Following a heat-setting operation, nitinol requires oxide removal to prepare it for the final electropolishing stage. Using 17.5- to 50-µm aluminum oxide at pressures from 40 to 90 psi, the company found that microabrasive blasting assisted in providing initial oxide removal. In turn, the electropolishing process produced a clean surface unmarred by blemishes or cracks.
Morton Bowen also tested 17.5- to 50-µm aluminum oxide abrasive media to see if the blasting process could enhance adhesion for overmolding or adding attachments to stainless-steel devices; air pressure was matched to the specific needs of each product tested. “Blasting on stainless-steel surfaces provided the ability to selectively treat even the smallest area to enhance adhesion of a coating, overmolding, or attachment,” James says.
In the third set of tests, the company employed microabrasive blasting for conditioning echogenicity, which is the ability to return a signal in ultrasound examinations and is the uniform scattering of radio frequencies to better see an implanted device. “This might [require] the roughening of a tip or a section of a stainless-steel needle to make sure it will change the sound-echo waves to show the location of the needle more clearly,” James explains. “In ultrasound diagnostic tools, the only other methods to enhance this application are to apply a coating or dissimilar metal plating or cladding to the instrument.
“[Microabrasion] can be localized to a very specific section: bands, half a diameter, inner or outer surfaces on components, whatever the customer needs,” James adds. “This is very difficult to do when you are dealing with some of the more complex electrochemical systems because you don’t have that finite control.”
Automating the Process
In order to optimize the proven technology for customers, Morton Bowen worked closely with Comco to tailor microabrasion systems to automated and semiautomated applications.
“Our typical customer will start out using a manual station. As the project advances through clinical trials, greater numbers of parts are required,” says Colin Weightman, applications engineer at Comco. “In order to maintain a high level of quality, special fixturing is required. This typically involves a means of holding the nozzle and accurately rotating the part.
“More powerful blasters with increased powder storage tanks have made multinozzle arrays and fixturing very easy for semiautomation,” Weightman continues. “An array of nozzles can be pointed at the fixture targeting critical areas, or the part can rotated at a controlled speed while the operator uses a fixture to sweep the nozzles over the top surface.”

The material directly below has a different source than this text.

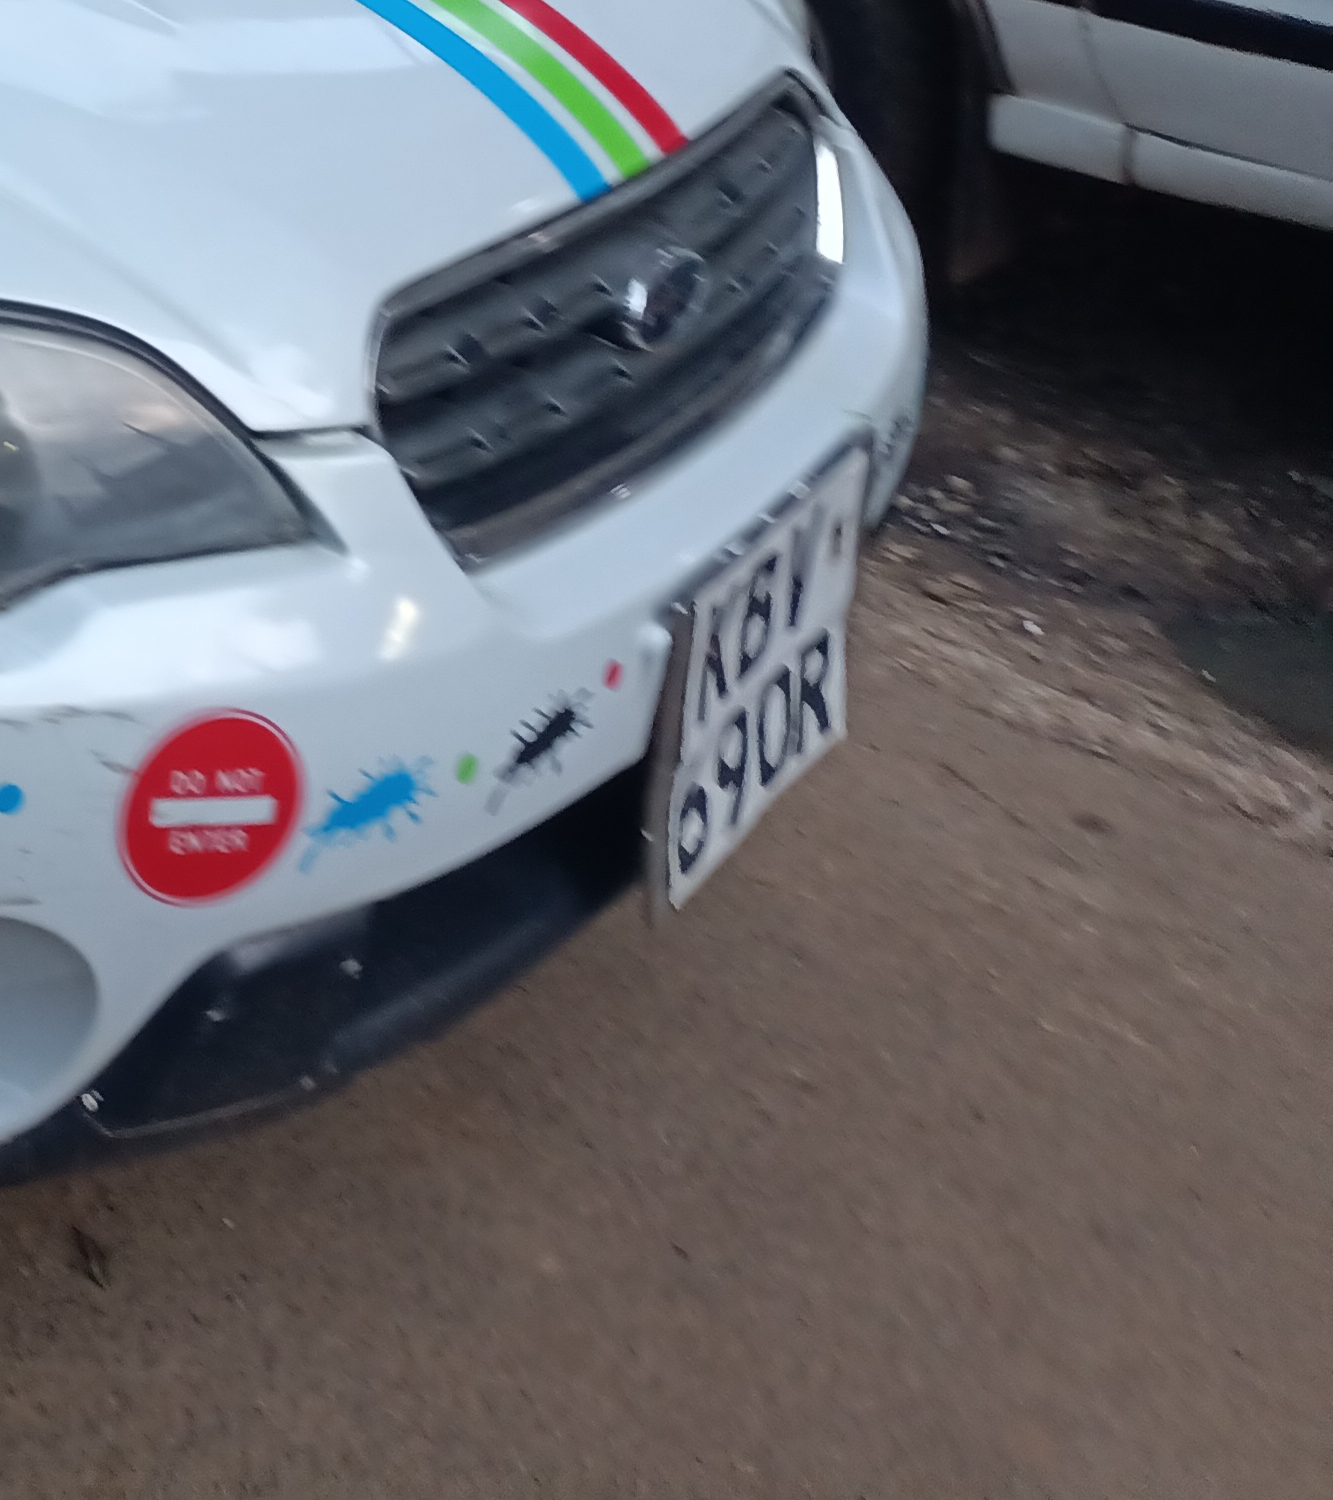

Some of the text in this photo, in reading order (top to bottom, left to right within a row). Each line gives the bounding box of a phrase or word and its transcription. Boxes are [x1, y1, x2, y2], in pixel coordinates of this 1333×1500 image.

[676, 626, 832, 876] 690R
[169, 766, 266, 796] DO NOT
[167, 827, 250, 856] ENTER
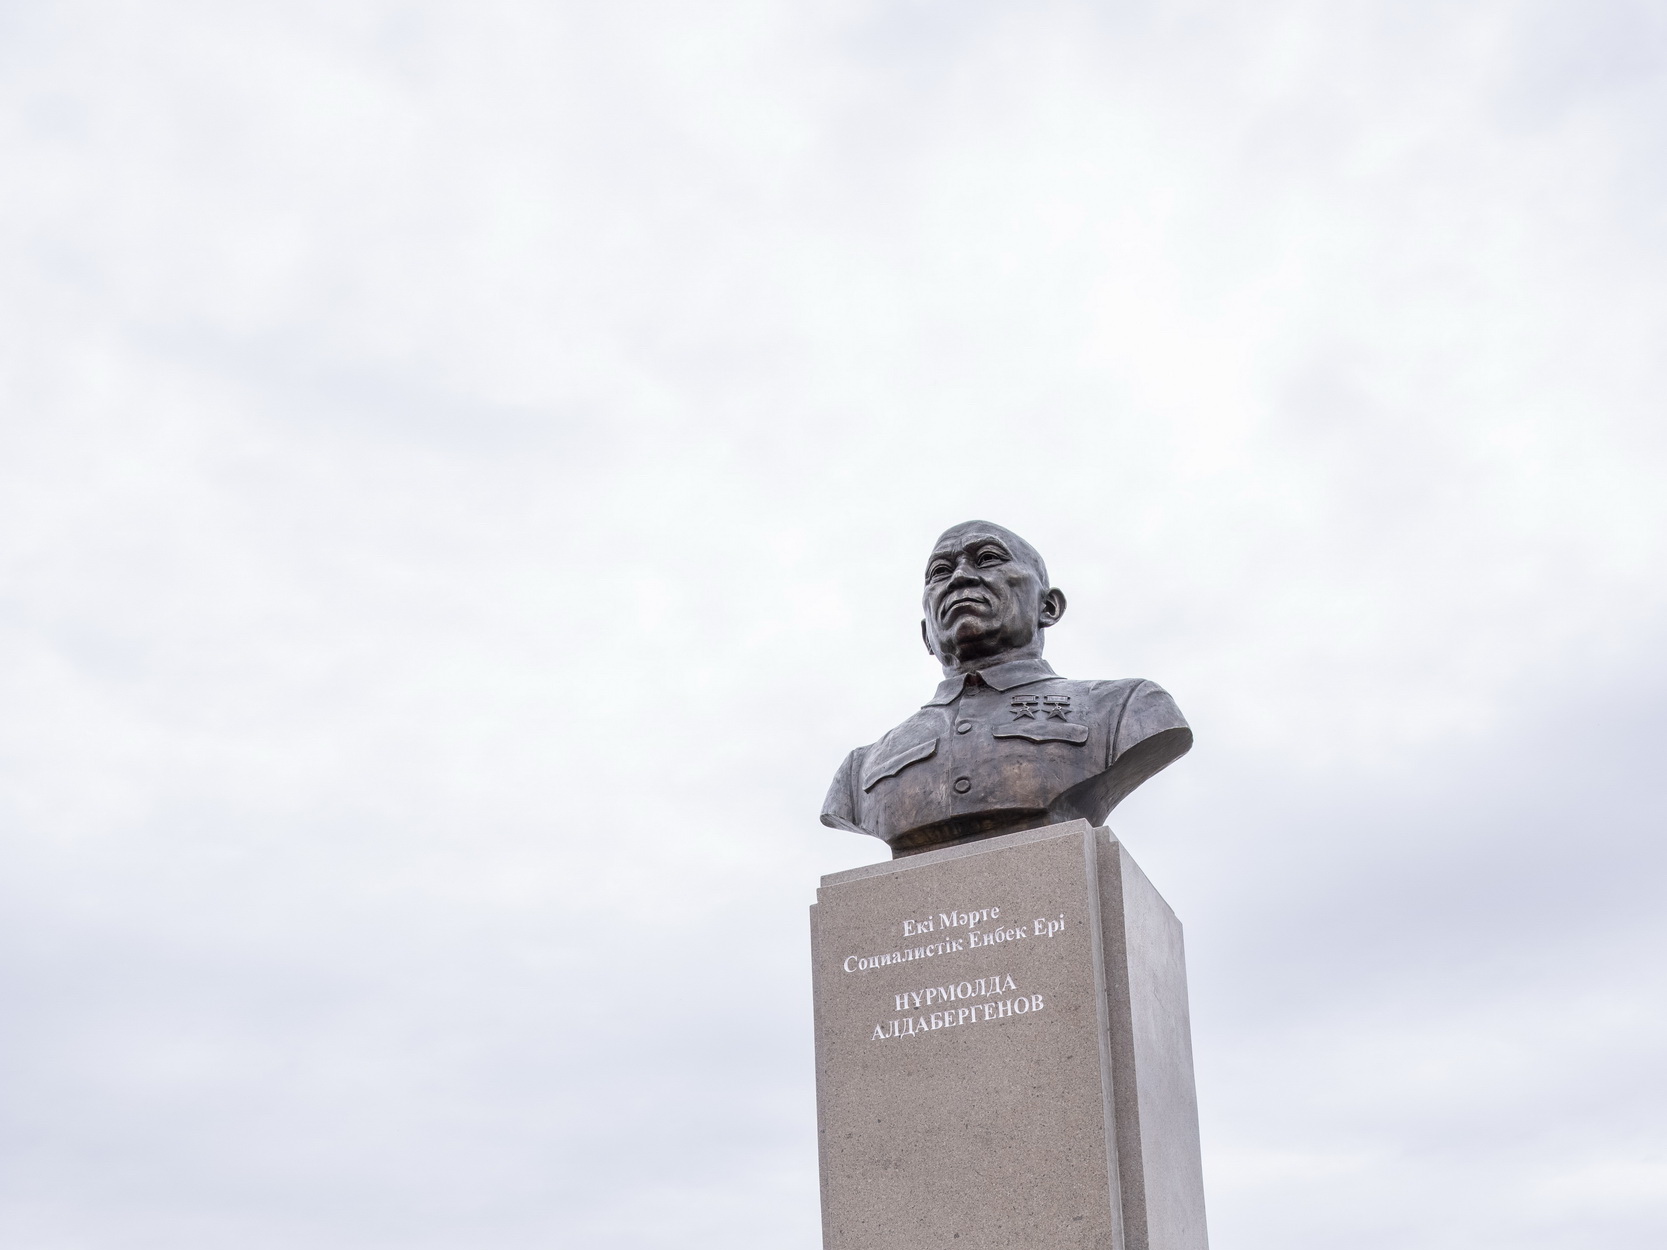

Despite these reassurances, James was still skeptical about automating the process within the clean environment required. Because microabrasive blasting creates dust, work is conducted in a controlled environment that evacuates the particles through a vacuum system. A commercial dryer is also needed to maintain absolutely dry media. His concerns, however, were quickly quelled. “The newest blasters have fewer internal parts and integrated electronics, which make in-house customization easier to do than ever before,” Weightman says. “With new industrial vacuum systems, dust is not a problem except in the most extreme cleanroom applications.”
The teaming of the two companies gave Morton Bowen the edge required to create production processes that met continually changing customer needs. “Now, prototypes are produced using skilled operators and simple fixturing, and the accumulation of data provides the opportunity for a controlled process,” James says. “Once past this stage, we can look at using semiautomation and finally full in-line automation of the blasting process as demands grow.”